WILKES-BARRE, Pa. — Mary Loughlin will tell you purple is not her favorite color, but during November, National Epilepsy Awareness Month, she wears purple every day.

"Because if you're going to talk the talk, you have to walk the walk," she said.

Loughlin is the Northeast Resource Coordinator for the Epilepsy Foundation Eastern Pennsylvania.

"So I wear purple every day in honor of those that do have epilepsy, and I'm trying to spread awareness which we do with our bows."

Members have placed about 400 bows or ribbons throughout our area.

"We want to break down the stigma of epilepsy," explained Rena Loughlin, the program director for Epilepsy Foundation Eastern Pennsylvania. "There's still that stigma that, you know, epilepsy, it's bad. Some people still think you're possessed by the devil or that you did something in a past life, but epilepsy is just a neurological disorder. A lot of people have it."

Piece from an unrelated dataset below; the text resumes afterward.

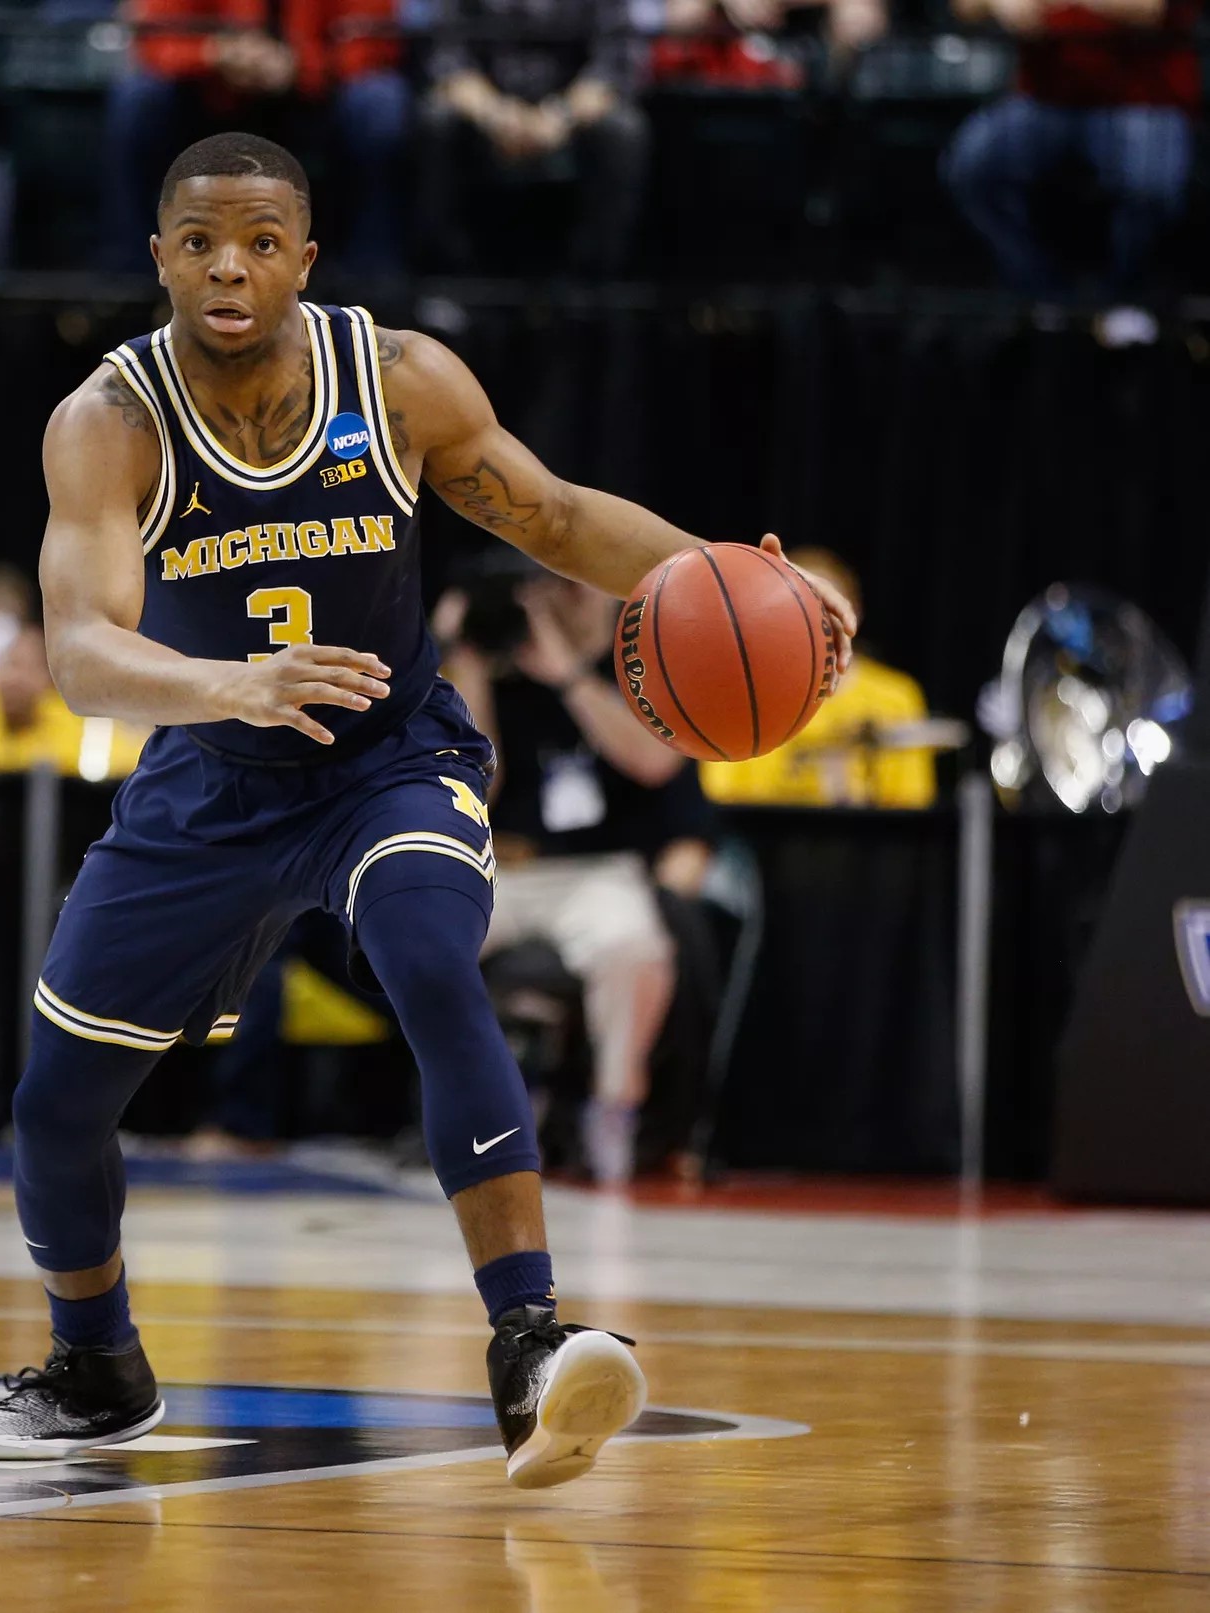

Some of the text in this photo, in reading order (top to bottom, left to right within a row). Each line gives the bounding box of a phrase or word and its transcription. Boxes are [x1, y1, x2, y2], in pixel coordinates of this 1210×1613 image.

"One in 26 will be diagnosed with epilepsy at some point in their lifetime. It's the fourth most leading neurological disorder after stroke, Alzheimer's and migraines, and epilepsy. And it's nothing to be afraid of. It's just like having a peanut allergy or anything else," explained Mary.

The ribbons come with a set of instructions for what to do in case you encounter someone having a seizure. The first step if you don't know this person is to call 911.

"We're going to stay with the person as they're having a seizure. You're going to time the seizure because that's really important. So when a seizure goes over five minutes, that really becomes an emergency," added Rena.

Then you want to make sure there are no dangerous objects around that person, turn them on their side, and do not put anything in their mouth.

"And you're going to let them have the seizure. Do not restrain them. If you restrain them, you could hurt their muscles and cause damage. So you're just going to let the seizure occur, you know, their brain is telling their body to move," Rena explained.